From Gel to Crystal: Mechanism of HfO2 and ZrO2 Nanocrystal Synthesis in Benzyl Alcohol

Nonaqueous sol-gel syntheses have been used to make many types of metal oxide nanocrystals. According to the current paradigm, nonaqueous syntheses have slow kinetics, thus favoring the thermodynamic (crystalline) product. Here we investigate the synthesis of hafnium (and zirconium) oxide nanocrystals from the metal chloride in benzyl alcohol. We follow the transition from precursor to nanocrystal through a combination of rheology, EXAFS, NMR, TEM and X-ray total scattering (PDF analysis). Upon dissolving the metal chloride precursor, the exchange of chloride ligands for benzylalkoxide liberates HCl. The latter catalyzes the etherification of benzyl alcohol, eliminating water. During the temperature ramp to the reaction temperature (220 °C), sufficient water is produced to turn the reaction mixture into a macroscopic gel. Rheological analysis shows a network consisting of strong interactions with temperature dependent restructuring. After a few minutes at the reaction temperature, crystalline particles emerge from the gel, and nucleation and growth are complete after 30 minutes.
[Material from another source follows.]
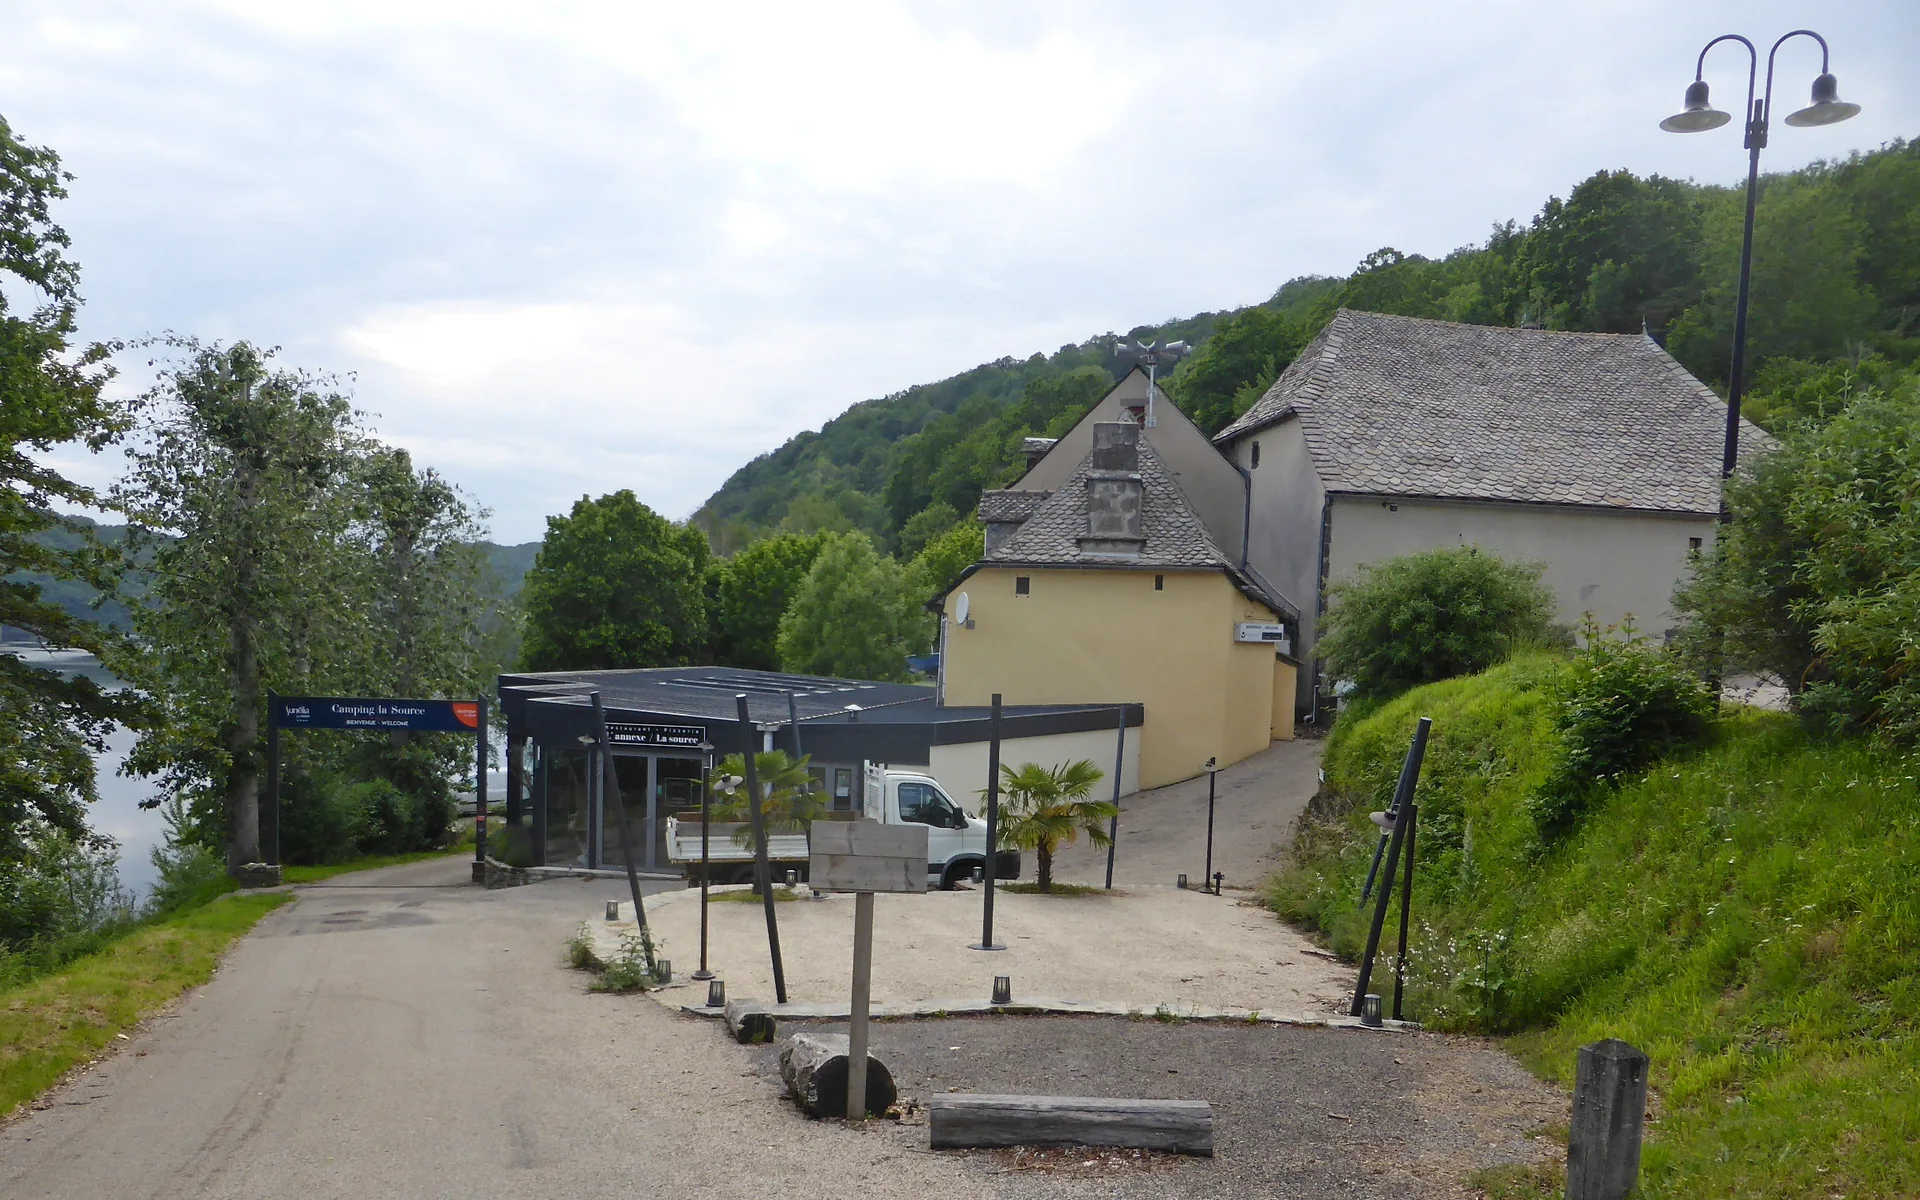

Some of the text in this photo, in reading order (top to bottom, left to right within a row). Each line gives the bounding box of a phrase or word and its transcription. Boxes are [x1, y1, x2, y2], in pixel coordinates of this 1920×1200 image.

In contrast, four hours are required to obtain the highest isolated yield, which we attribute to the slow in situ formation of water (the extraction solvent). We used our mechanistic insights to optimize the synthesis, achieving high yields with a reduced reaction time. In summation, our results oppose the idea that nonaqueous sol-gel syntheses necessarily form crystalline products slowly, without a transient gel state.